There are advantages to digital performances. At the live-streamed Swire Symphony Under the Stars concert on December 12, audience members were invited to submit photos of their loved ones, which were used to create a video set to the orchestra’s music. The concert ended with a rendition of Cantopop crooner Roman Tam’s song Below the Lion Rock, used as the theme for the former TV show of the same name and often referred to as Hong Kong’s unofficial anthem for its theme of unity.

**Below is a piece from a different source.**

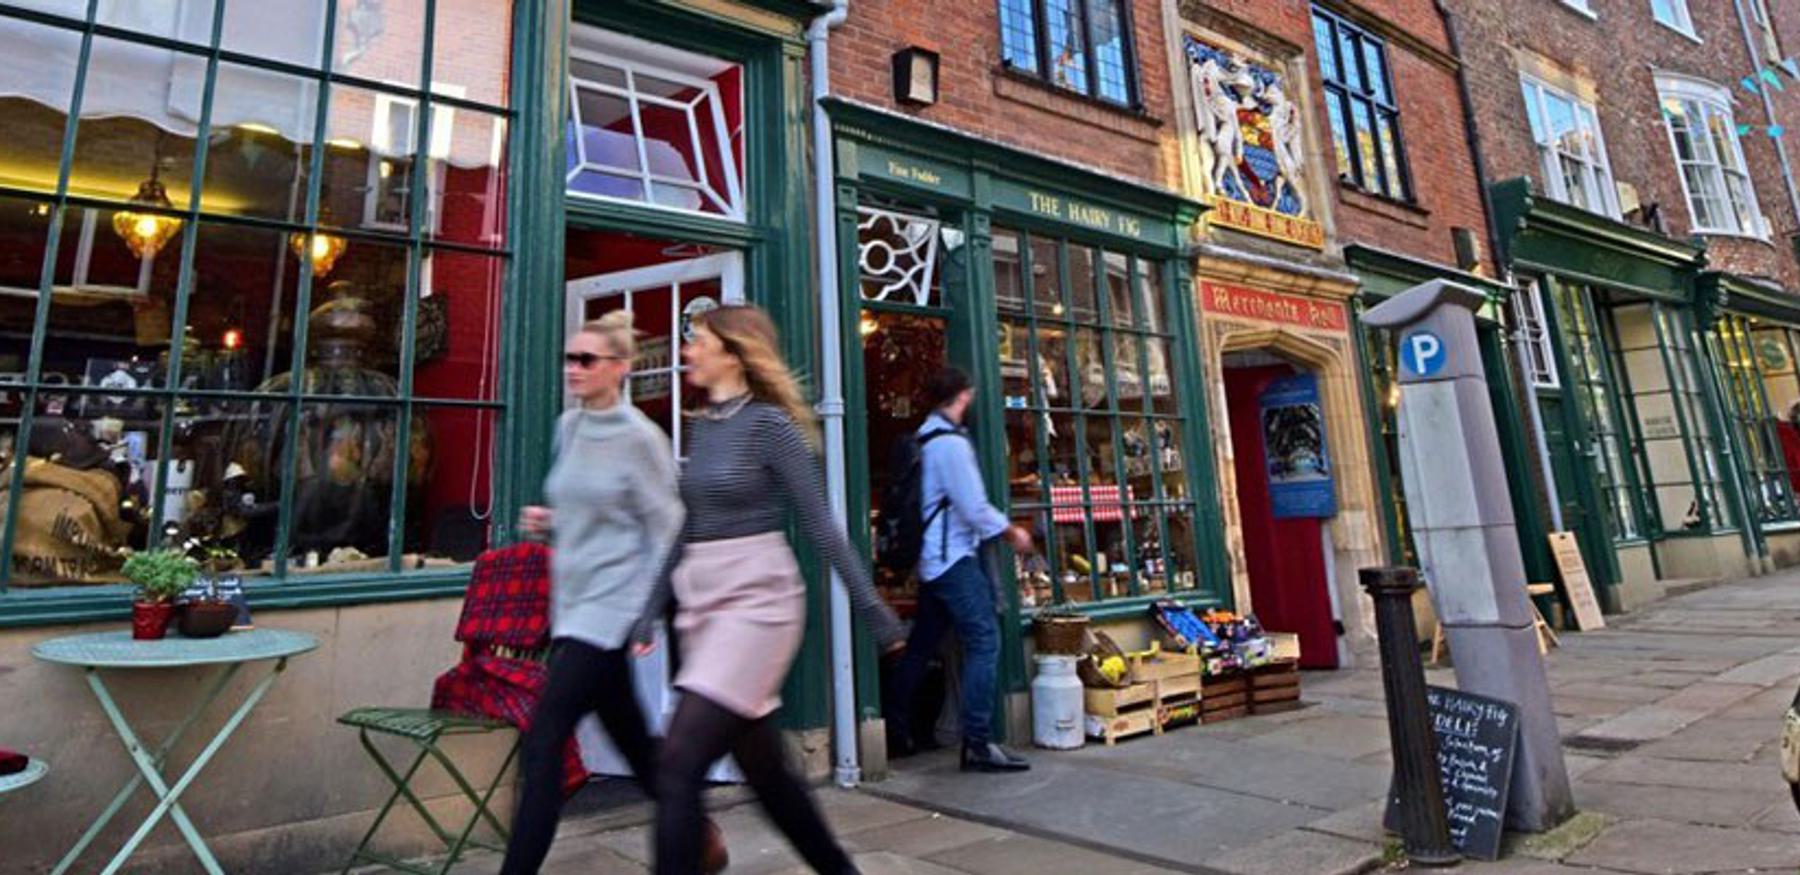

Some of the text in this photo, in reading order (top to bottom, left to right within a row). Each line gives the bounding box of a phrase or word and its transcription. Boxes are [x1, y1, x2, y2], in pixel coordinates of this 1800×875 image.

[1027, 191, 1141, 238] THE HAIRY FIG
[1212, 285, 1300, 322] Merchants
[1411, 335, 1440, 375] P

As Van Zweden and his team stand on the precipice of a new season, the music director is now challenged with creating a programme with any sense of certainty in a constantly shifting landscape. “Can we, for instance, start the concerts with a chorus when we know that singing carries risk?” he asks. Despite the possibility of another decimated season, the HK Phil has a range of concerts in the pipeline for 2021—local jazz; collaborations with the Hong Kong Ballet; takes on Mozart, Schumann and Bruckner; and an online concert of Japanese composer Joe Hisaishi, known for his work for Studio Ghibli, conducting his music.

However disheartening the last year was, the scope of Van Zweden’s plans for the orchestra has not diminished.

“We have very big plans to go to Europe, America and the Silk Road,” he says. “But we are dependent on when this is all over. Think about The Rolling Stones: they went on world tours year after year, because when you go somewhere, people love you, but then they forget about you. So, you need to come back all the time, and then after a certain number of years, everybody knows who you are. The world needs to know that HK Phil is one of the great assets of Hong Kong.